QUERY with curl

RFC 10008 is brand new a specification detailing the new HTTP method called QUERY:

This specification defines the QUERY method for HTTP. A QUERY requests that the request target process the enclosed content in a safe and idempotent manner and then respond with the result of that processing. This is similar to POST requests but can be automatically repeated or restarted without concern for partial state changes

A GET with body

For all practical purposes you can think of QUERY as a way to send a GET with a body. It looks exactly like POST, but done with another verb.

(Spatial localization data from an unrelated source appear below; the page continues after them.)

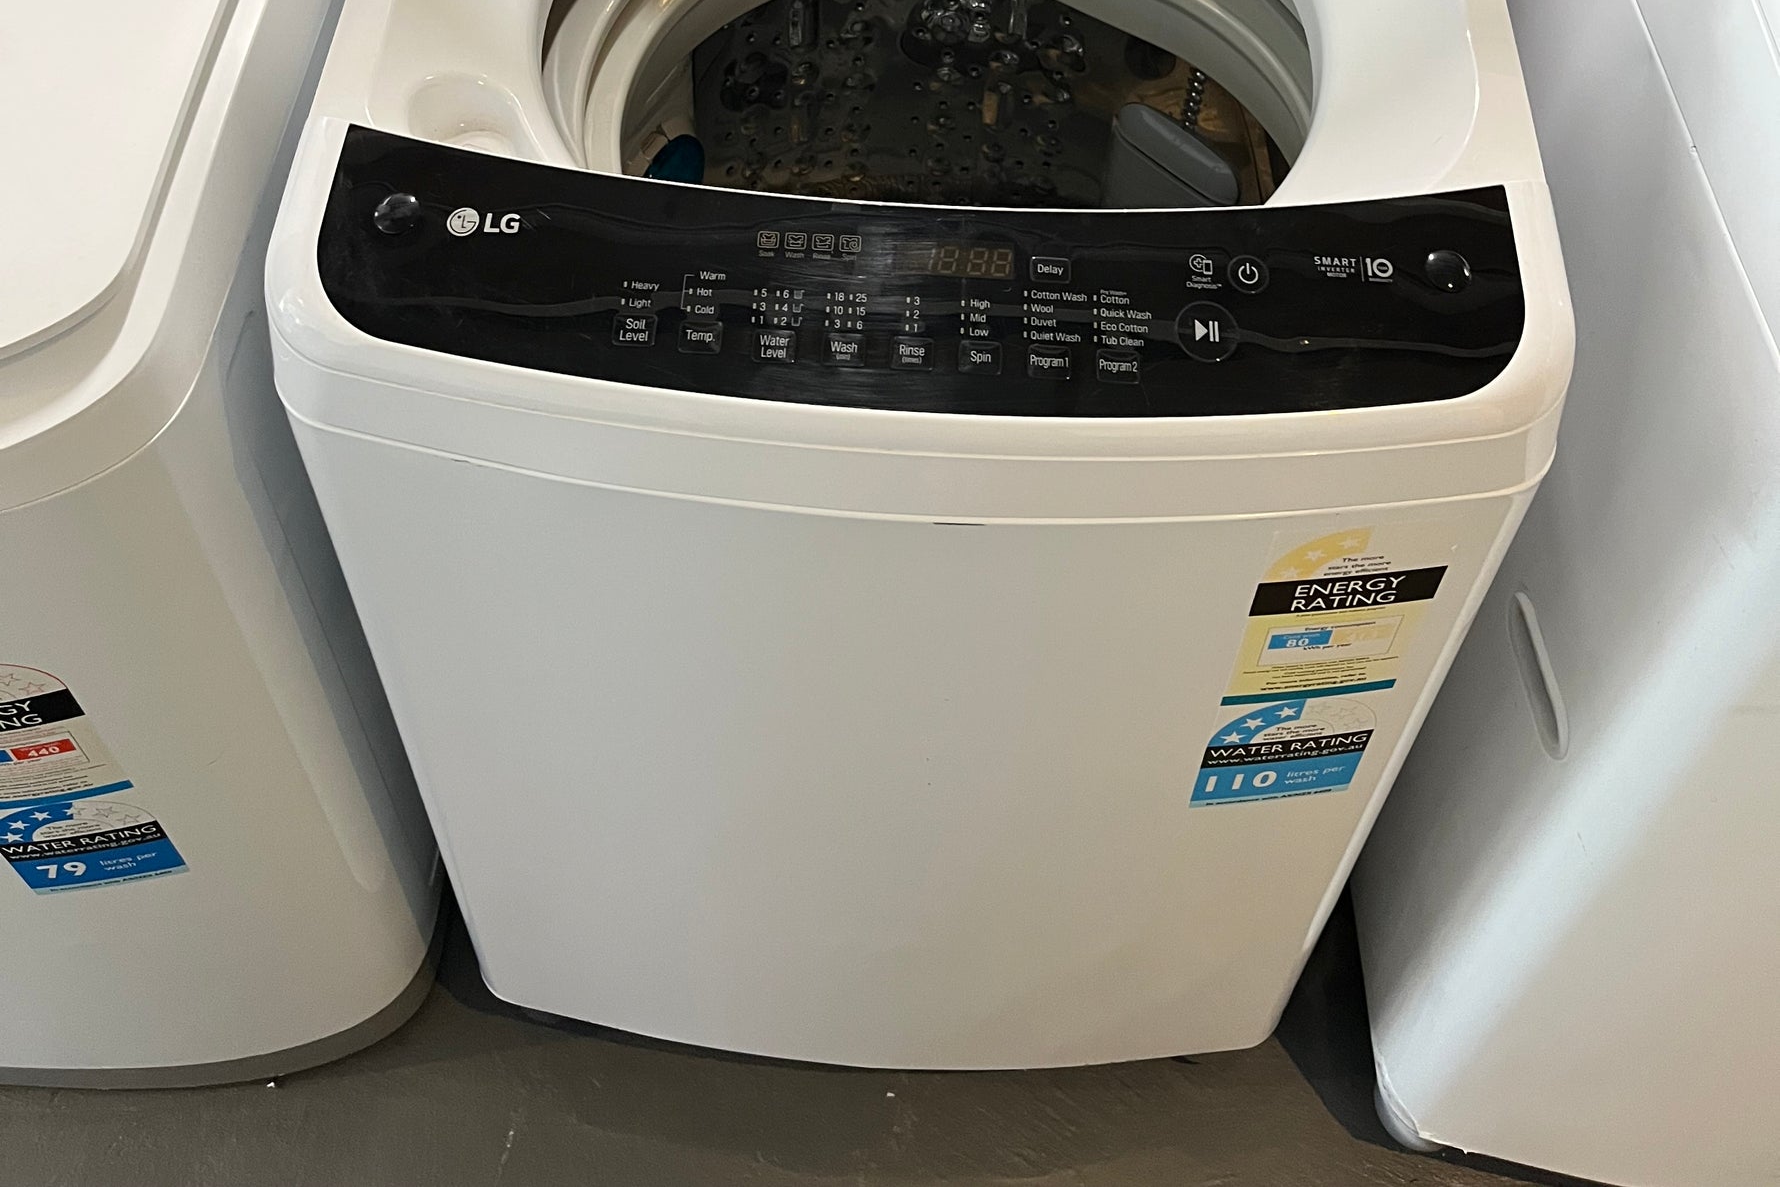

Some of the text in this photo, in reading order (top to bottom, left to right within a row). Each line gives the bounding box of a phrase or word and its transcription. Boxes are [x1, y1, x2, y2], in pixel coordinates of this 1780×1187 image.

[484, 213, 520, 233] LG
[1314, 256, 1357, 267] SMART
[699, 271, 726, 280] Warm
[1037, 264, 1064, 276] Delay
[631, 281, 660, 292] Heavy
[696, 288, 712, 297] Hot
[761, 289, 790, 298] 5 6
[834, 292, 867, 303] 18 25
[1031, 290, 1087, 302] Cotton Wash
[629, 298, 652, 308] Light
[914, 296, 921, 305] 3
[970, 299, 991, 309] High
[1100, 295, 1130, 305] Cotton
[695, 305, 714, 314] Cold
[759, 302, 789, 312] 3 4
[833, 306, 866, 316] 10 15
[1031, 304, 1054, 314] Wool
[913, 310, 920, 319] 2
[970, 314, 986, 323] Mid
[1100, 308, 1152, 320] Quick Wash
[625, 318, 646, 330] Soil
[780, 317, 787, 325] 2
[834, 320, 863, 329] 3 6
[1031, 317, 1057, 328] Duvet
[1100, 321, 1149, 333] Eco Cotton
[619, 330, 649, 342] Level
[686, 329, 715, 343] Temp.
[969, 327, 989, 337] Low
[1030, 331, 1081, 343] Quiet Wash
[759, 335, 789, 347] Water
[830, 341, 858, 353] Wash
[1101, 335, 1144, 347] Tub Clean
[761, 347, 787, 359] Level
[899, 344, 925, 356] Rinse
[970, 350, 991, 363] Spin
[1030, 355, 1064, 368] Program
[1099, 358, 1138, 373] Program 2
[1294, 575, 1406, 597] ENERGY
[1290, 590, 1398, 611] RATING
[1286, 638, 1310, 648] 80
[27, 745, 60, 757] 440
[1210, 733, 1368, 758] WATER RATING
[1207, 743, 1364, 765] www.waterrating.gov.au
[1286, 765, 1346, 778] litres per
[1204, 770, 1278, 793] 110
[1284, 775, 1316, 784] wash
[2, 825, 157, 854] WATER RATING
[9, 833, 161, 860] www.waterrating.gov.au
[99, 851, 158, 866] litres per
[36, 861, 87, 879] 79
[104, 861, 136, 872] wash

Contrary to POST, QUERY requests are idempotent – they can be retried or repeated when needed, for instance after a connection failure.

curl it

You can use curl to do HTTP requests with QUERY just fine. curl offers the --request option (also known as -X in the short form) that you can use like this:

curl -d "data to send" -X QUERY https://example.com/

But redirects!

There is one little caveat to remember with this curl option that changes the method. When also asking curl to follow any possible redirects, it is important that you use a new enough curl version because you want the --follow option. Not the old --location/-L one.

Why? Because the old option changes the HTTP method on all subsequent requests independently of what the server responds, which in many cases is not what you want.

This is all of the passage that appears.